I also think the manure may be a problem. Usually 1/3 drainage material (perlite, vermiculite, cinder), 1/3 good quality topsoil, 1/3 multi sourced finished compost. Usually if I use manure I only put down a 1/4 inch and work it into the bed. My beds are about a 100 sq ft. and I use one bag (3/4 cu ft composted steer manure) or less.

Fresh manure can burn. Composted manure does not have a particularly high NPK about (1.5-3.0) -(1.0-0.5)-(1.0 or less) and should not burn. Chicken manure is higher than steer but also contains calcium which if fine if you have acidic soil but will make alkaline soil more alkaline Manures are high in salt and too much salt is not a good thing and that could keep plants from growing well or at all.

I looked at your soil test results. The recommended nitrogen 60 lbs per acre translates to about a couple of ounces per 100 sq ft. I don't get the potassium recommendation unless a lot of it is bound. It would also be a couple of ounces.

Here's how you convert pounds per acre to pounds per 100 square feet. Soil tests from my local extension supplies results in lbs per 100 sq ft and I can get organic recommendations if I ask for it.

https://aces.nmsu.edu/desertblooms/nmsug ... hap1.i.pdf

It really isn't a lot of fertilizer that is being recommmended. Nitrogen recommendations are usually divided, so even less for the nitrogen.
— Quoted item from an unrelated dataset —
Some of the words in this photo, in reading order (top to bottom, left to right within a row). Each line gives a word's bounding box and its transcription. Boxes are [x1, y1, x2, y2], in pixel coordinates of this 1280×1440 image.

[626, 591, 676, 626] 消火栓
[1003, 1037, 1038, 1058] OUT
pH of 7.7 is not that bad, I would not add chicken manure or anything alkaline to make it higher. Compost in the soil will buffer the pH so it will behave more neutral. You are not growing blueberries or gardenia which would require very acidic pH to do well.

The salt on your test was not flagged so it doesn't look like the manure caused a salt problem.
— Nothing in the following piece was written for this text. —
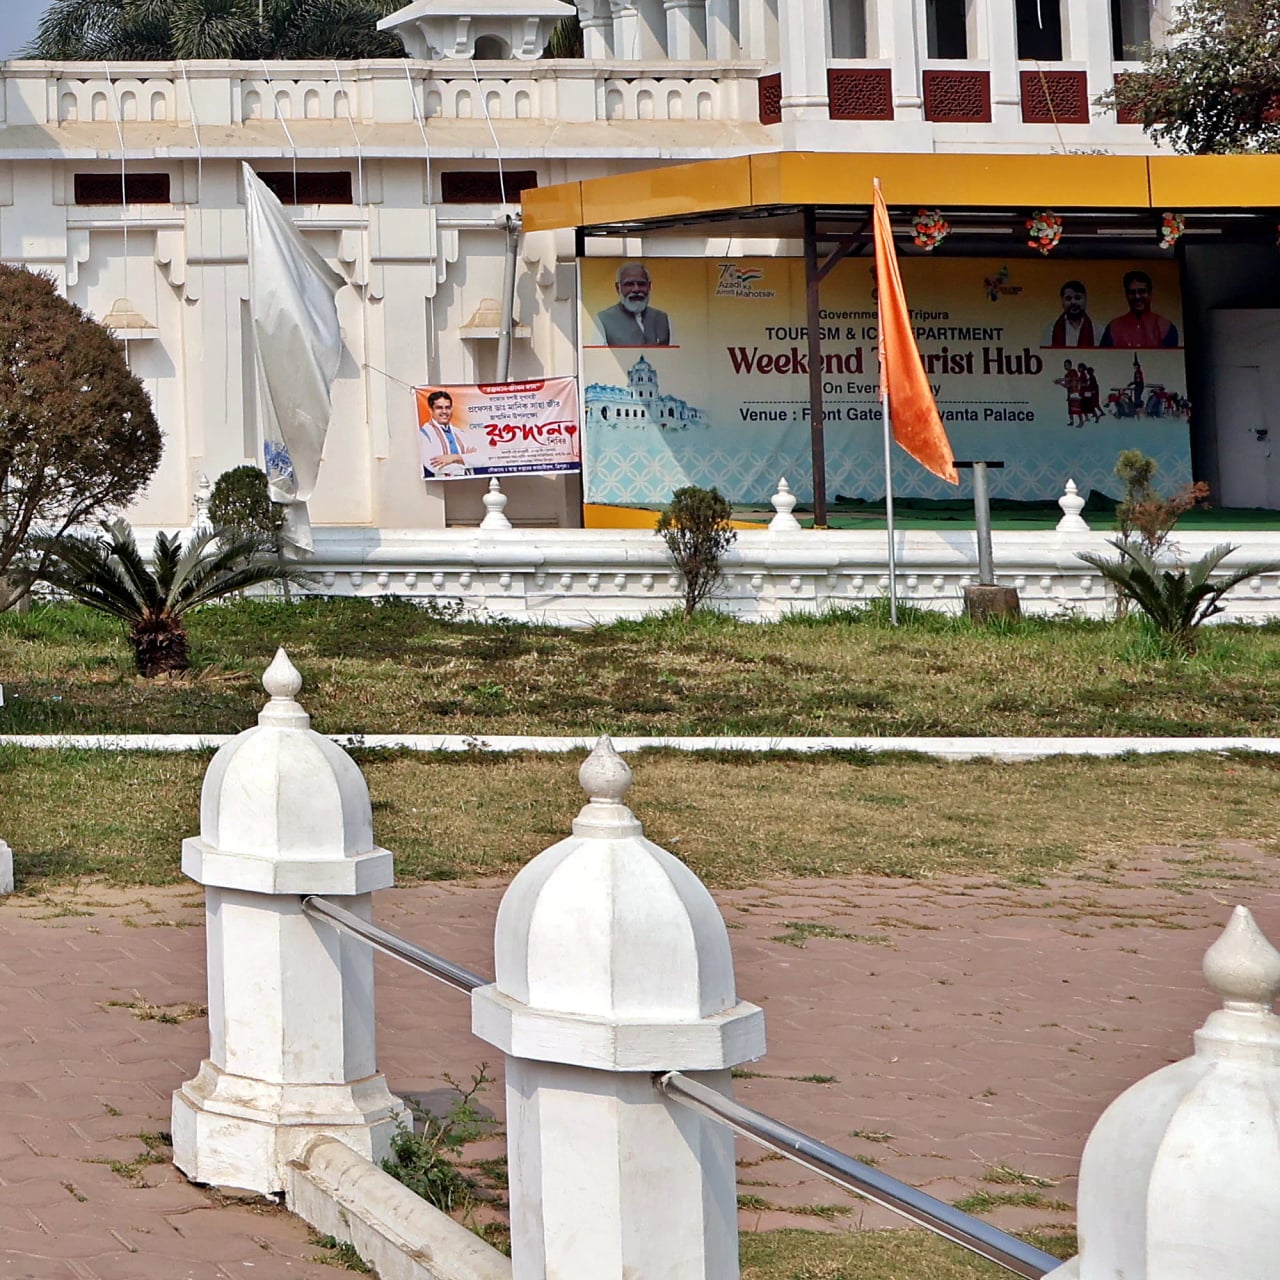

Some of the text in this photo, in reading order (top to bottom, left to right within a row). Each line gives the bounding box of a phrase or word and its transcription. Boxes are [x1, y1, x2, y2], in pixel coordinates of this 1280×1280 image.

You said the soil was bone dry initially and you watered daily and the plants are yellow.

How did you mix your soil and did you water the soil well before you planted? Sometimes , actually everythime I put Big R in the soil, it floats up to the top and it dries out fast so the top appears dry but the lower part is moister. I have less of a problem when I wet down the soil as I mix it and then after it is all mixed in. I add the fertilizer, in my case 1/4 of the recommended nitrogen, I will water the soil for 20 minutes every other day or so to bring up any weeds near the surface to pull them out. I try to wait a couple of weeks before I plant for the soil to settle and get as many of the weeds out. My cats are in the house, but I put down plastic fencing over the ground just in case of strays. I only add about 3-4 inches of compost to my garden every time I plant and I have a clay based soil. By the time I plant, the soil has had time to settle, the fertilizer has started to dissolve and the soil is evenly moist so I don't have dry spots.

You probably don't have the weeds I have to deal with but when you mix a new bed you should give the soil a thorough mixing and watering to settle it in before planting. If the soil was dry at the beginning, it can be hard to wet, depending on your soil. If it is sandy to start with, it takes much more water than clay. if your ingredients were not thoroughly mixed in and wet down, you might possibly end up with pockets of dry spots. That is why I like to mix and water lightly as I go (and it keeps the dust down). This same thing happens with potting soil. If you put dry potting soil in a pot sometimes peat especially can be hard to wet and there are pockets of dryness and it acts as a barrier and blocks the media from draining.

After it was wet, if you continued to water more than needed, you would end up with yellowing plants with falling leaves and possibly rotting roots.

Have you checked the roots of any of the plants?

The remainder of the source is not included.